#### What is required:
Retype the records below exactly as they stand, omitting the pictures.
=== Materials provided ===
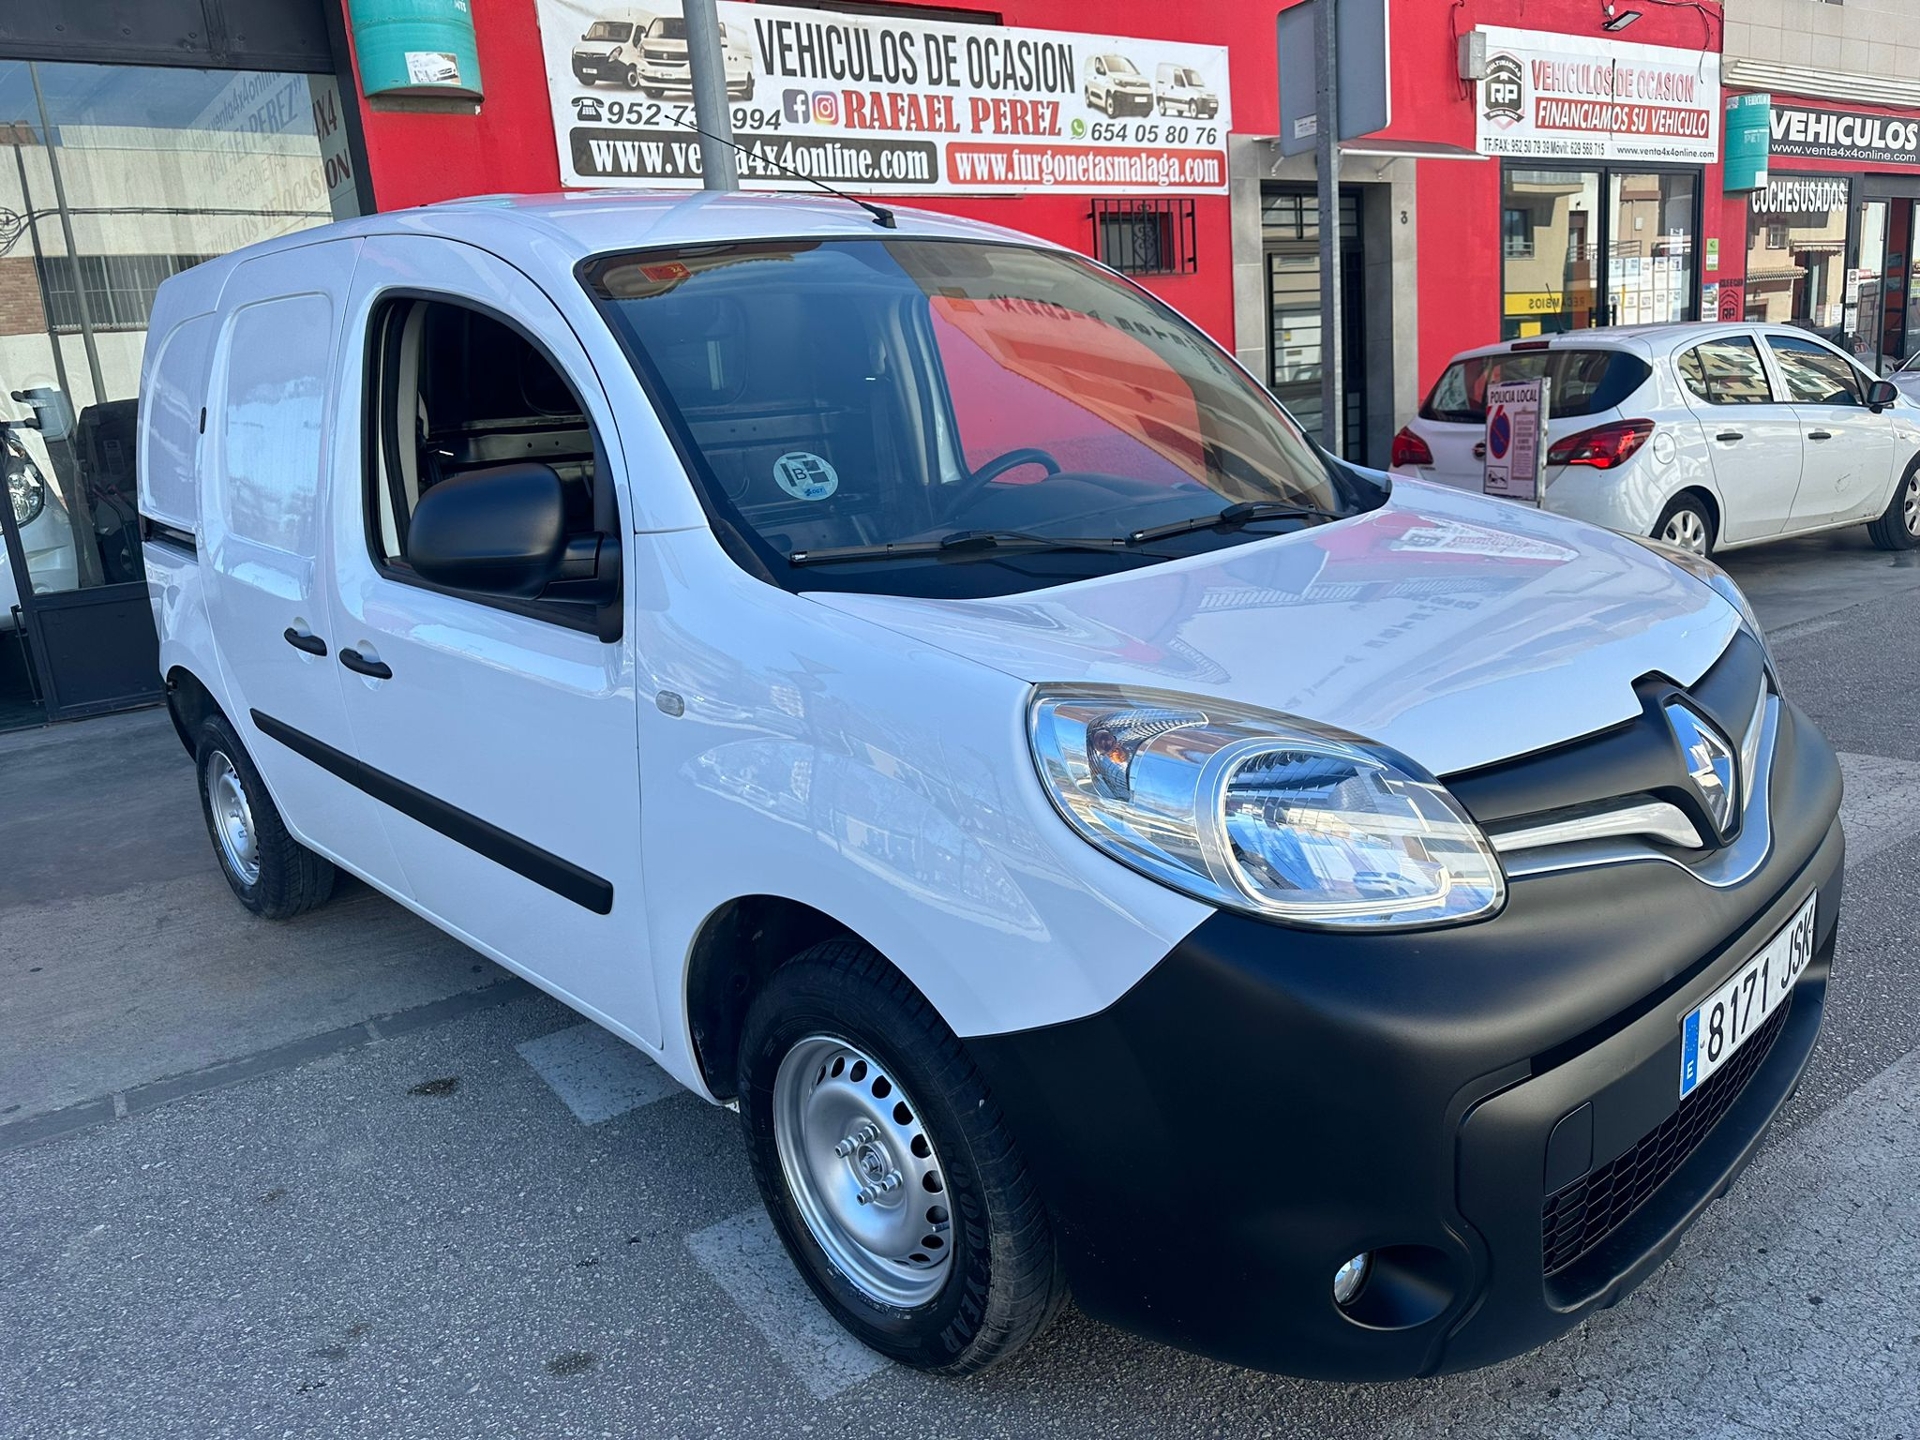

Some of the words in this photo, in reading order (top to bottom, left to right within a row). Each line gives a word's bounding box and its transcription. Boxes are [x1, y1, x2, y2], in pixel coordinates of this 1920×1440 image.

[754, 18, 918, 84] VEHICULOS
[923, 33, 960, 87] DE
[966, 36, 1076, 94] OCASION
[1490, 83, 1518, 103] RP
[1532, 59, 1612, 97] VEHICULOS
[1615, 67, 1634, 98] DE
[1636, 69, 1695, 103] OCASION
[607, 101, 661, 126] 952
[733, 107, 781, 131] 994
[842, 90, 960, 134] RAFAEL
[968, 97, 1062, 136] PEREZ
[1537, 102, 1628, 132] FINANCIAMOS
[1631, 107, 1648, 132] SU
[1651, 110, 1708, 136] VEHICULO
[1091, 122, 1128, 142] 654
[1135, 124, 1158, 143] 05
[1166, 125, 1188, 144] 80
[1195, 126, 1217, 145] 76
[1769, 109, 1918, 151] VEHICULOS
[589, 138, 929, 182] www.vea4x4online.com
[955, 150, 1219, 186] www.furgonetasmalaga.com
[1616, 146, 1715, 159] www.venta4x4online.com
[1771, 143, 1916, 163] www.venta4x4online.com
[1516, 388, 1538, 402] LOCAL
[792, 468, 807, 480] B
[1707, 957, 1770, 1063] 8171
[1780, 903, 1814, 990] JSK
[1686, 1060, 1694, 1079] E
===
#### Answer section:
Some of the words in this photo, in reading order (top to bottom, left to right within a row). Each line gives a word's bounding box and its transcription. Boxes are [x1, y1, x2, y2], in pixel coordinates of this 1920×1440 image.

[754, 18, 918, 84] VEHICULOS
[923, 33, 960, 87] DE
[966, 36, 1076, 94] OCASION
[1490, 83, 1518, 103] RP
[1532, 59, 1612, 97] VEHICULOS
[1615, 67, 1634, 98] DE
[1636, 69, 1695, 103] OCASION
[607, 101, 661, 126] 952
[733, 107, 781, 131] 994
[842, 90, 960, 134] RAFAEL
[968, 97, 1062, 136] PEREZ
[1537, 102, 1628, 132] FINANCIAMOS
[1631, 107, 1648, 132] SU
[1651, 110, 1708, 136] VEHICULO
[1091, 122, 1128, 142] 654
[1135, 124, 1158, 143] 05
[1166, 125, 1188, 144] 80
[1195, 126, 1217, 145] 76
[1769, 109, 1918, 151] VEHICULOS
[589, 138, 929, 182] www.vea4x4online.com
[955, 150, 1219, 186] www.furgonetasmalaga.com
[1616, 146, 1715, 159] www.venta4x4online.com
[1771, 143, 1916, 163] www.venta4x4online.com
[1516, 388, 1538, 402] LOCAL
[792, 468, 807, 480] B
[1707, 957, 1770, 1063] 8171
[1780, 903, 1814, 990] JSK
[1686, 1060, 1694, 1079] E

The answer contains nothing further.